◆ **YOUR ASSIGNMENT**
Go through the entries and transcribe each one exactly, dropping the pictures.

------

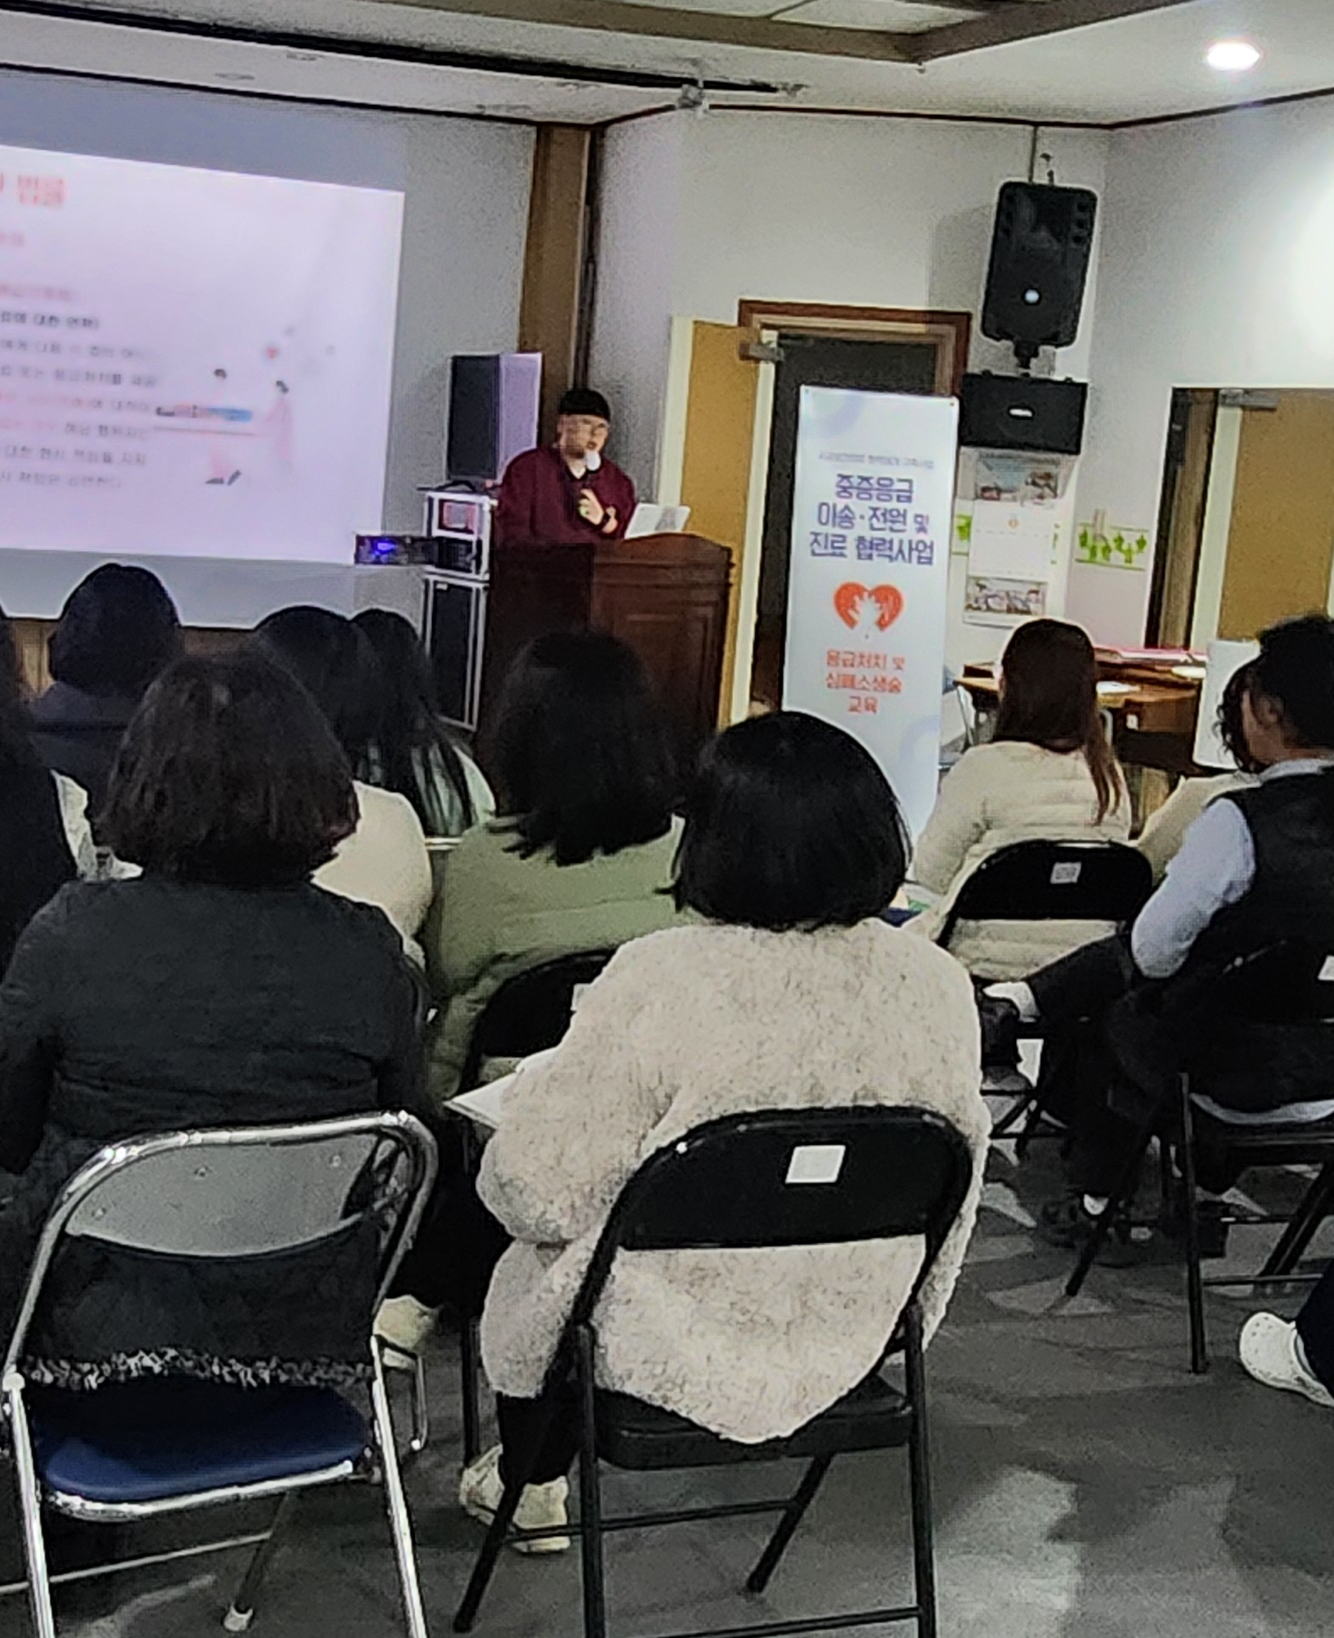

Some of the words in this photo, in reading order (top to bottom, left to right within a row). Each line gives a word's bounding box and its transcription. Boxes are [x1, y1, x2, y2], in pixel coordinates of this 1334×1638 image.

[17, 173, 65, 208] 법률
[835, 473, 913, 503] 중증응급
[817, 502, 907, 533] 이송·전원
[913, 513, 930, 534] 및
[809, 531, 848, 558] 진료
[855, 535, 934, 566] 협력사업

------

◆ **PROBLEM SOLUTION**
Some of the words in this photo, in reading order (top to bottom, left to right within a row). Each line gives a word's bounding box and its transcription. Boxes are [x1, y1, x2, y2], in pixel coordinates of this 1334×1638 image.

[17, 173, 65, 208] 법률
[835, 473, 913, 503] 중증응급
[817, 502, 907, 533] 이송·전원
[913, 513, 930, 534] 및
[809, 531, 848, 558] 진료
[855, 535, 934, 566] 협력사업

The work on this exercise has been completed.